● **About this exercise**
Your reply should repeat all records verbatim and contain no images.

● **Annotated photo localization data**
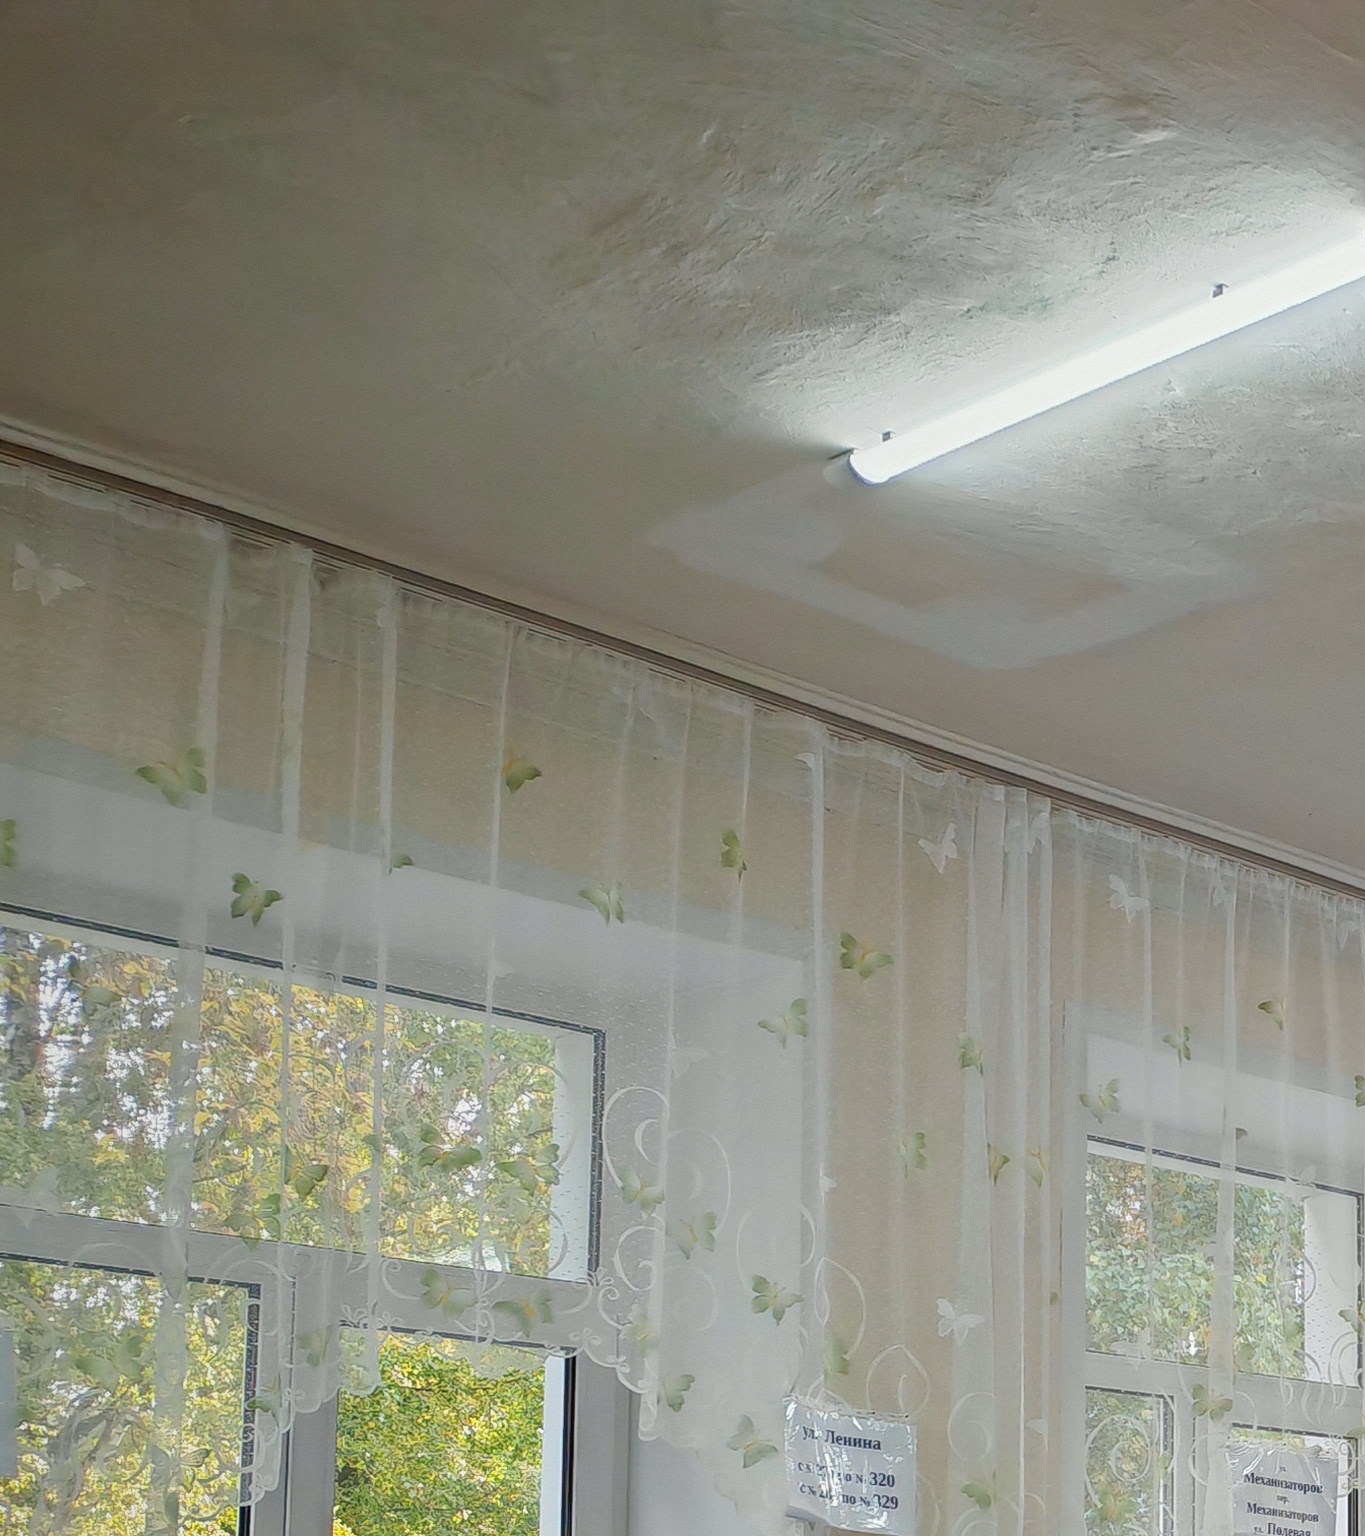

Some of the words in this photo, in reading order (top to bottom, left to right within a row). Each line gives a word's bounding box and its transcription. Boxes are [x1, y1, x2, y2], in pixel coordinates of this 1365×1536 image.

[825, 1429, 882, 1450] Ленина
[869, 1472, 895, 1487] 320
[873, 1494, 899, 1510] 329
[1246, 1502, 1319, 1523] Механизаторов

● **Result of the exercise**
Some of the words in this photo, in reading order (top to bottom, left to right within a row). Each line gives a word's bounding box and its transcription. Boxes are [x1, y1, x2, y2], in pixel coordinates of this 1365×1536 image.

[825, 1429, 882, 1450] Ленина
[869, 1472, 895, 1487] 320
[873, 1494, 899, 1510] 329
[1246, 1502, 1319, 1523] Механизаторов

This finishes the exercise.